■ **Input records**
● ● ●

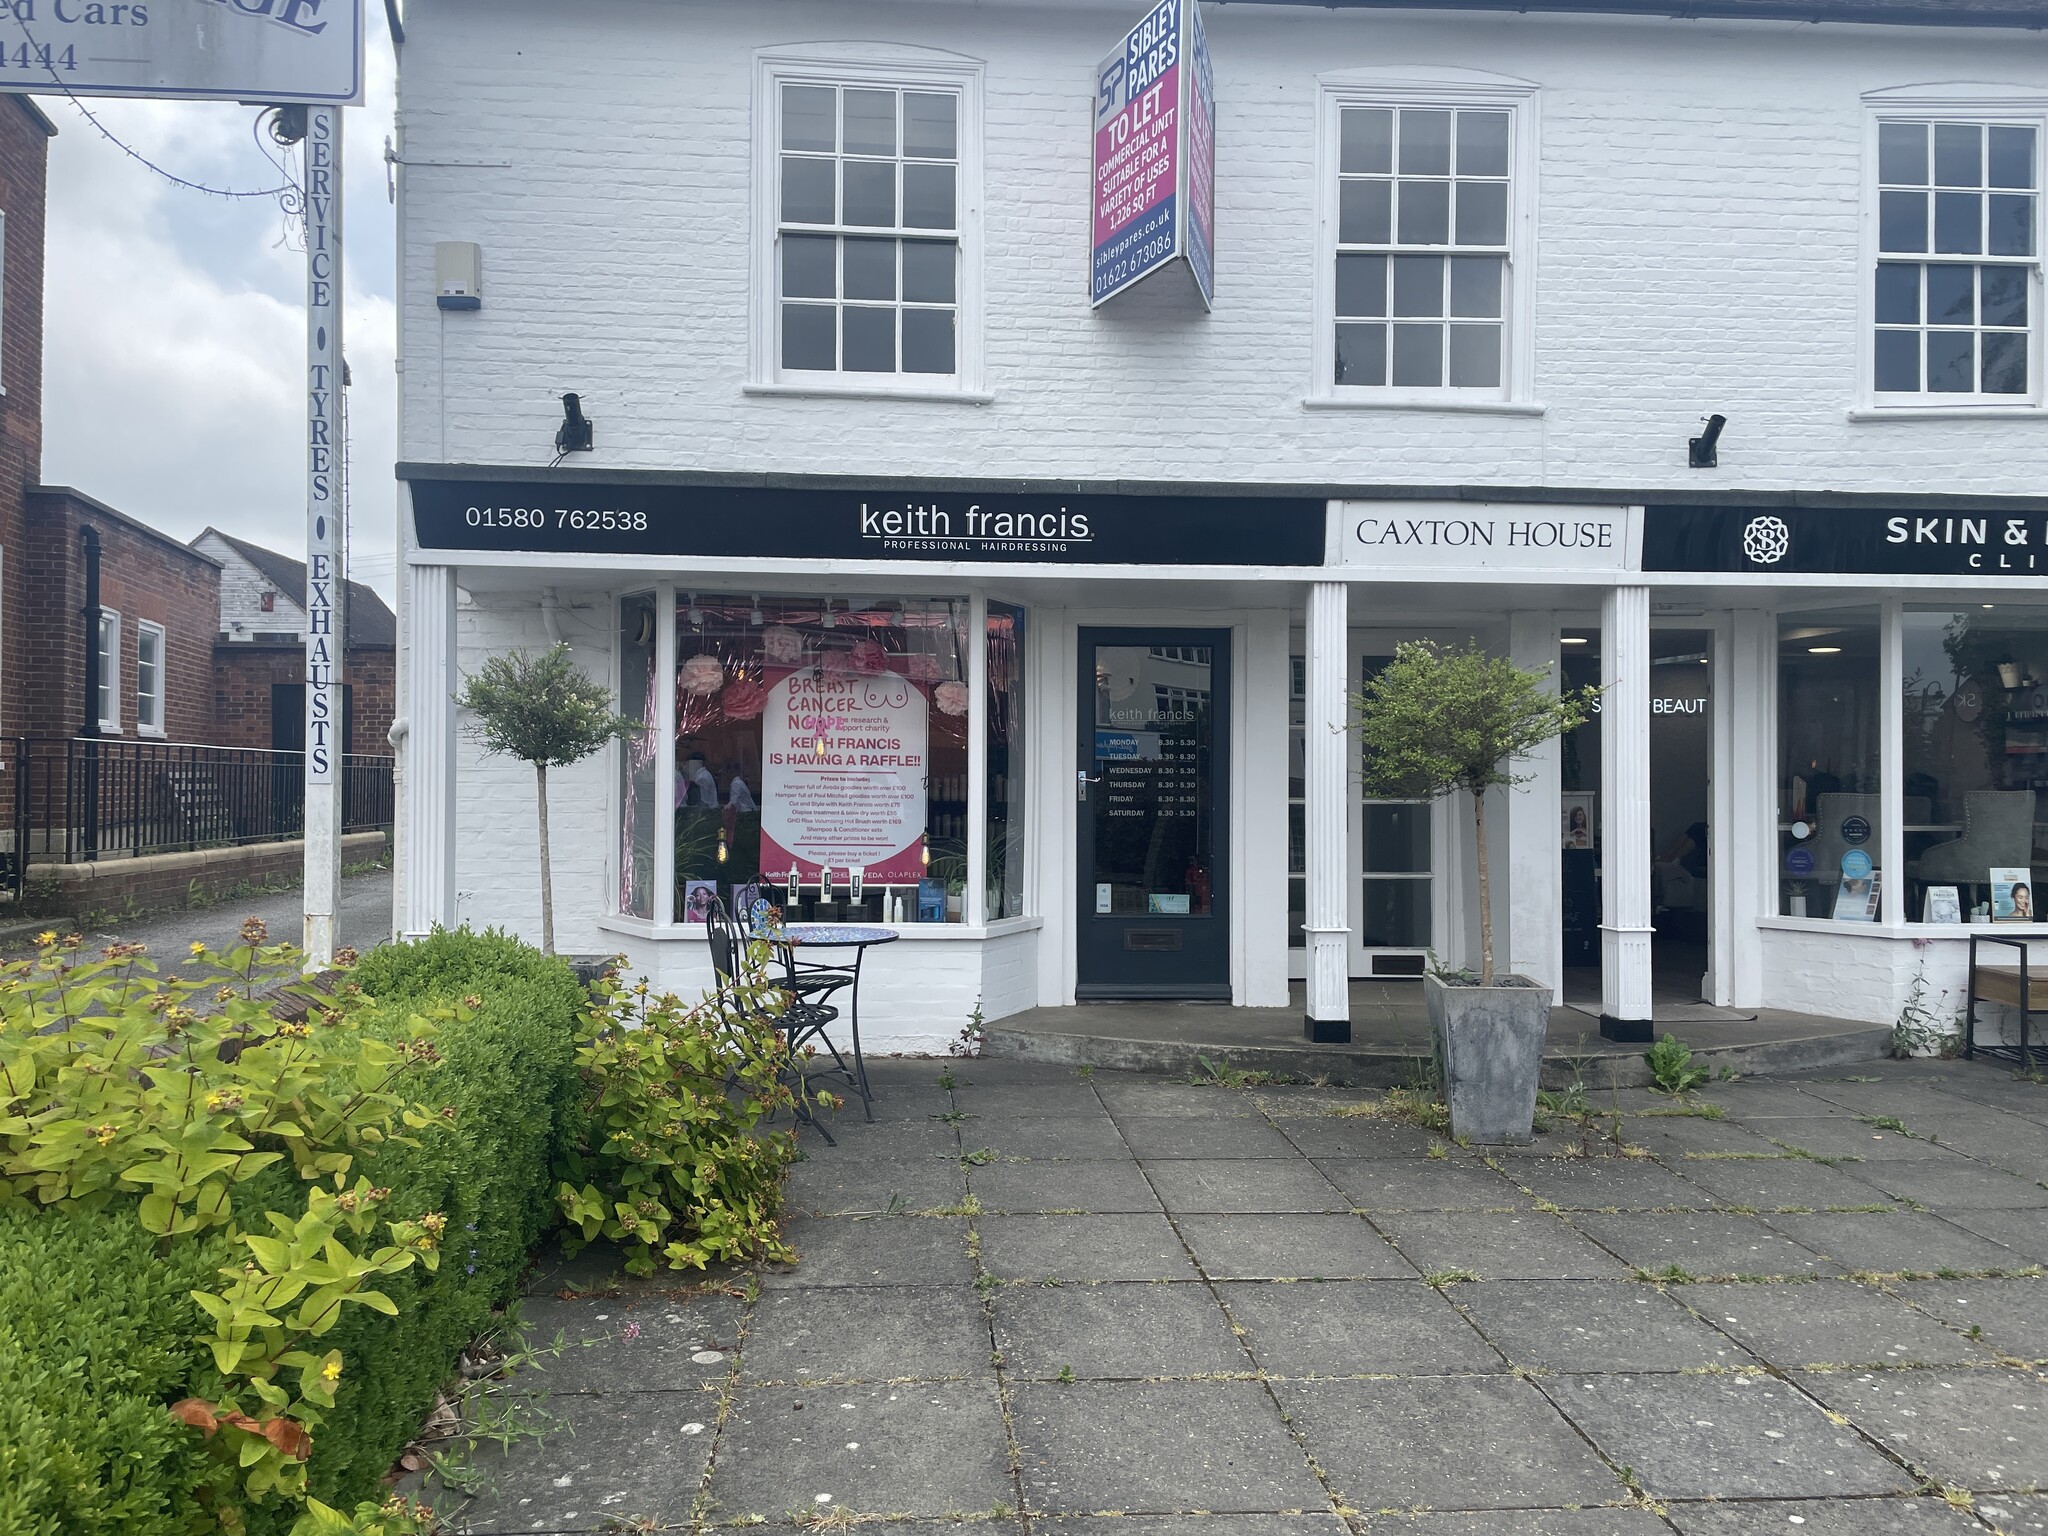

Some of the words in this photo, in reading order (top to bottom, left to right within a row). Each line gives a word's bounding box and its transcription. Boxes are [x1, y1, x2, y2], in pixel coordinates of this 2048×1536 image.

[54, 0, 149, 27] Cars
[1129, 0, 1177, 64] SIBLEY
[1128, 32, 1177, 100] PARES
[1108, 112, 1129, 153] TO
[1132, 82, 1164, 136] LET
[1098, 131, 1150, 182] COMMERCIAL
[1151, 107, 1175, 138] UNIT
[1102, 158, 1139, 199] SUITABLE
[1141, 146, 1159, 166] FOR
[1160, 136, 1168, 152] A
[1100, 183, 1133, 219] VARIETY
[1134, 173, 1146, 192] OF
[1147, 154, 1170, 183] USES
[312, 115, 331, 307] SERVICE
[1110, 206, 1131, 232] 1,226
[1132, 195, 1145, 215] SQ
[1144, 183, 1157, 204] FT
[1096, 207, 1170, 268] sibleypares.co.uk
[1096, 259, 1127, 294] 01622
[1130, 231, 1171, 275] 673086
[310, 365, 331, 501] TYRES
[465, 506, 545, 528] 01580
[554, 509, 648, 531] 762538
[860, 503, 950, 535] keith
[1356, 519, 1495, 546] CAXTON
[1508, 522, 1612, 548] HOUSE
[1886, 516, 1987, 544] SKIN
[2004, 519, 2028, 545] &
[884, 540, 971, 550] PROFESSIONAL
[981, 542, 1067, 552] HAIRDRESSING
[309, 554, 331, 774] EXHAUSTS
[788, 677, 859, 694] BREAST
[787, 696, 863, 712] CANCER
[1109, 708, 1143, 720] keith
[1653, 698, 1707, 714] BEAUT
[837, 738, 901, 750] FRANCIS
[865, 724, 890, 733] charity
[769, 753, 783, 764] IS
[786, 754, 842, 765] HAVING
[846, 755, 856, 765] A
[860, 755, 921, 767] RAFFLE!!

● ● ●

■ **Problem statement**
Keep the pictures out of the copy and return the rest of the data above exactly.

■ **Solution to this task**
Some of the words in this photo, in reading order (top to bottom, left to right within a row). Each line gives a word's bounding box and its transcription. Boxes are [x1, y1, x2, y2], in pixel coordinates of this 2048×1536 image.

[54, 0, 149, 27] Cars
[1129, 0, 1177, 64] SIBLEY
[1128, 32, 1177, 100] PARES
[1108, 112, 1129, 153] TO
[1132, 82, 1164, 136] LET
[1098, 131, 1150, 182] COMMERCIAL
[1151, 107, 1175, 138] UNIT
[1102, 158, 1139, 199] SUITABLE
[1141, 146, 1159, 166] FOR
[1160, 136, 1168, 152] A
[1100, 183, 1133, 219] VARIETY
[1134, 173, 1146, 192] OF
[1147, 154, 1170, 183] USES
[312, 115, 331, 307] SERVICE
[1110, 206, 1131, 232] 1,226
[1132, 195, 1145, 215] SQ
[1144, 183, 1157, 204] FT
[1096, 207, 1170, 268] sibleypares.co.uk
[1096, 259, 1127, 294] 01622
[1130, 231, 1171, 275] 673086
[310, 365, 331, 501] TYRES
[465, 506, 545, 528] 01580
[554, 509, 648, 531] 762538
[860, 503, 950, 535] keith
[1356, 519, 1495, 546] CAXTON
[1508, 522, 1612, 548] HOUSE
[1886, 516, 1987, 544] SKIN
[2004, 519, 2028, 545] &
[884, 540, 971, 550] PROFESSIONAL
[981, 542, 1067, 552] HAIRDRESSING
[309, 554, 331, 774] EXHAUSTS
[788, 677, 859, 694] BREAST
[787, 696, 863, 712] CANCER
[1109, 708, 1143, 720] keith
[1653, 698, 1707, 714] BEAUT
[837, 738, 901, 750] FRANCIS
[865, 724, 890, 733] charity
[769, 753, 783, 764] IS
[786, 754, 842, 765] HAVING
[846, 755, 856, 765] A
[860, 755, 921, 767] RAFFLE!!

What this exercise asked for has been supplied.